28 Mai 2012
Um ano atrás, o governo federal pôs em andamento uma operação para localizar os chamados miseráveis invisíveis do Brasil - aquelas famílias que, embora extremamente pobres, não estão sob o abrigo de programas sociais e de transferência de renda, como o Bolsa Família. Na época, baseado em dados do IBGE, o Ministério do Desenvolvimento Social estabeleceu como meta encontrar e cadastrar 800 mil famílias até 2013. Na semana passada, porém, chegou à mesa da ministra Tereza Campello, em Brasília, um número bem acima do esperado: só no primeiro ano de busca foram localizadas 700 mil famílias em situação de extrema pobreza e invisíveis.
A reportagem é de Roldão Arruda e publicada pelo jornal O Estado de S. Paulo, 28-05-2012.
Considerando apenas o chefe da família, isso corresponde à população de João Pessoa (PB). Se for levada em conta toda a família, com a média de quatro pessoas, é uma Salvador inteira que estava fora dos programas.
O resultado da operação, conhecida como busca ativa, também surpreende pelas características dessa população: 40% das famílias invisíveis estão em cidades com mais de 100 mil habitantes. Com o desdobramento e a análise das estatísticas, é provável que se constate que a maioria dos miseráveis invisíveis não estão nos grotões das regiões Norte e Nordeste, como quase sempre se imagina, mas na periferia dos centros urbanos.

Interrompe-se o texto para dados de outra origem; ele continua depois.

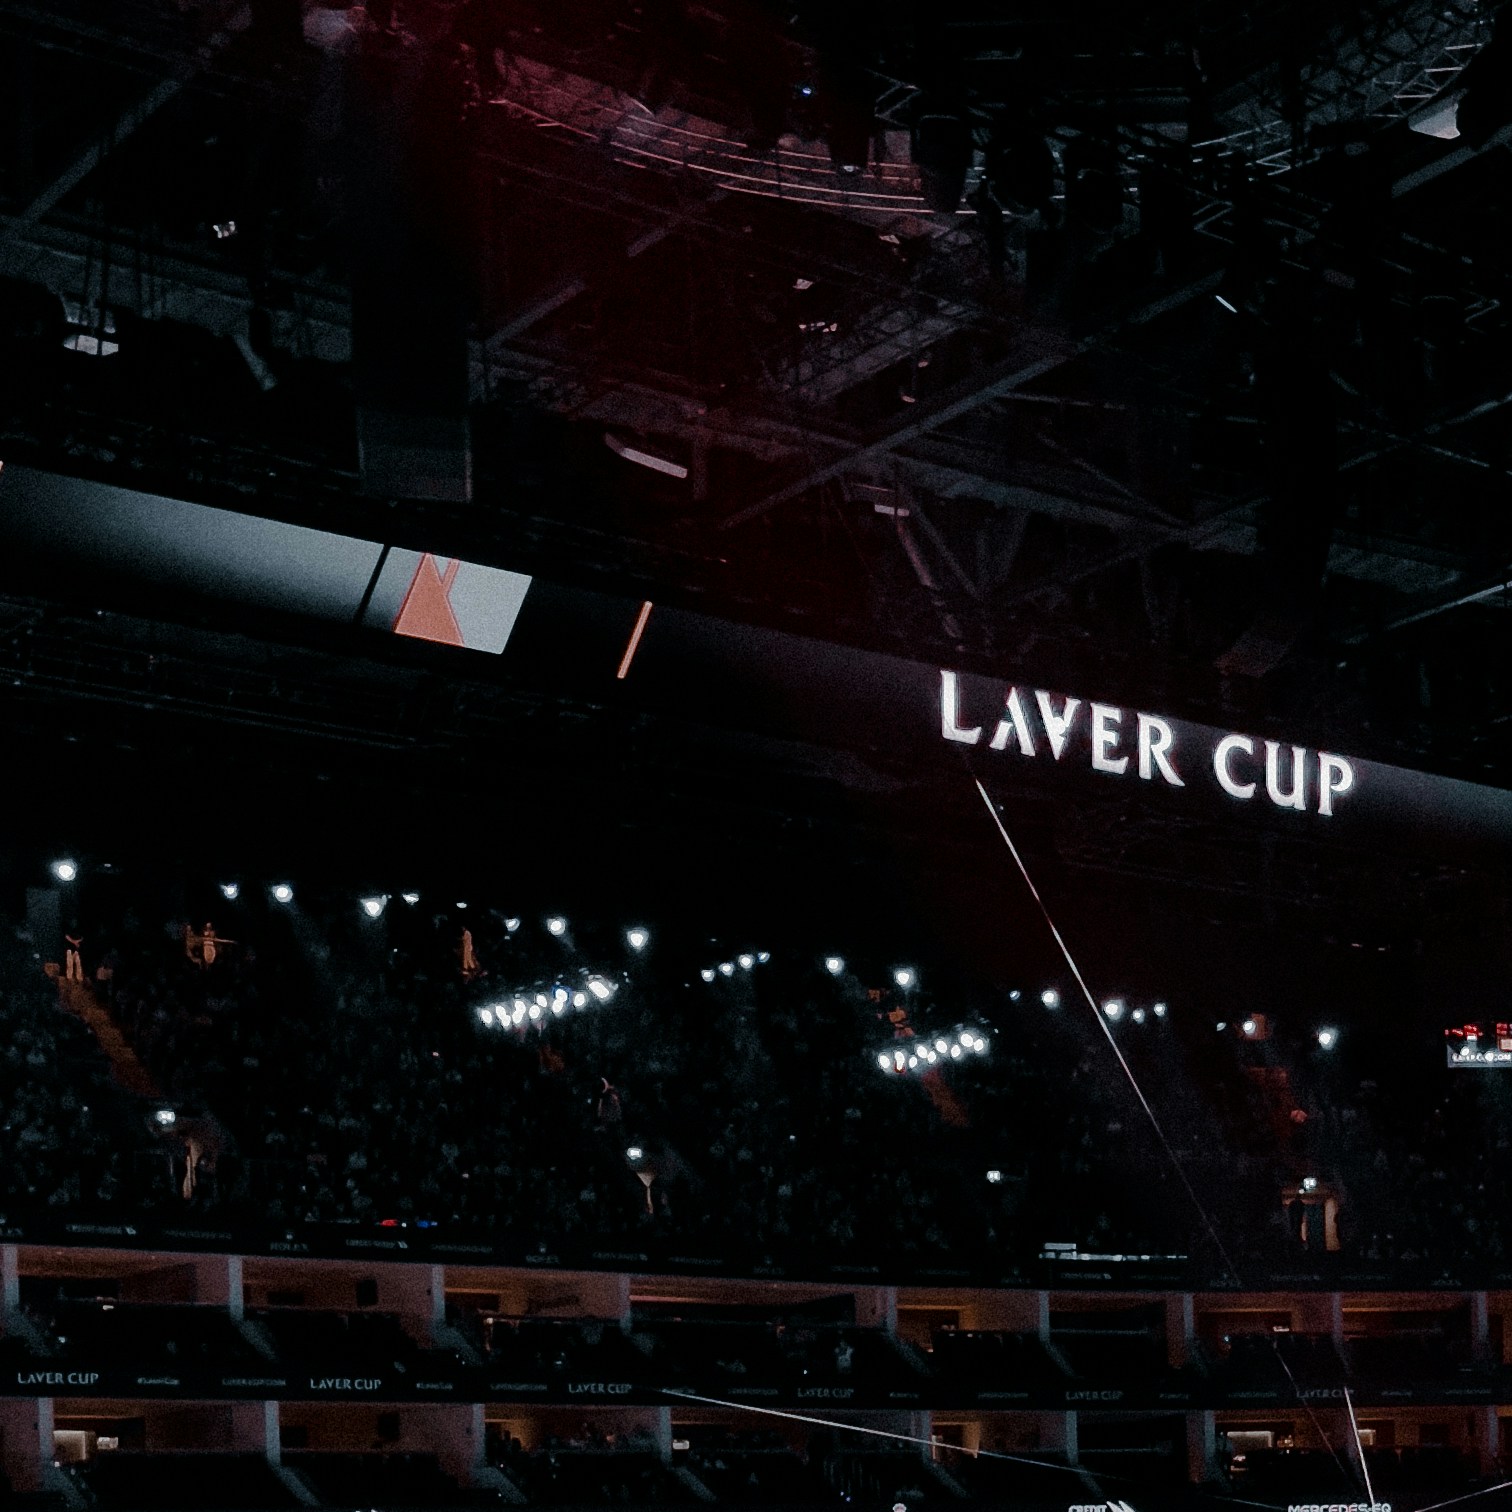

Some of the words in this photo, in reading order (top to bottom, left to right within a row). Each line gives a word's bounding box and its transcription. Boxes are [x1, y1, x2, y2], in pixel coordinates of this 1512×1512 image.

"Estamos falando de famílias extremamente pobres que até agora não faziam parte do cadastro único do governo federal e por isso não eram vistas na sua integridade, de acordo com suas necessidades e carências", observa a ministra Tereza Campelo. "Podiam ter filhos na escola, mas não tinham acesso ao básico dos programas sociais, como o Bolsa Família, a tarifa social de energia elétrica e outras ações."
Para chegar a essas pessoas o ministério partiu do princípio de que, por algum motivo, elas não conseguiam chegar aos serviços de assistência social das prefeituras e pedir a inscrição no cadastro único. "Era preciso sair dos escritórios. Mobilizamos prefeituras, agentes de saúde, empresas de distribuição de energia elétrica", conta Tereza. "As prefeituras estão sendo remuneradas por esse trabalho."
Acidentado
Em Franco da Rocha, na região metropolitana de São Paulo, a assistente social Marisa Lima foi uma dessas agentes mobilizadas para caçar os invisíveis. Em janeiro deste ano ela estava trabalhando na Unidade Básica de Saúde Municipal do Centro, na Avenida dos Coqueiros, quando apareceu por lá Raimundo Marques Ferreira, pintor de paredes, de 52 anos.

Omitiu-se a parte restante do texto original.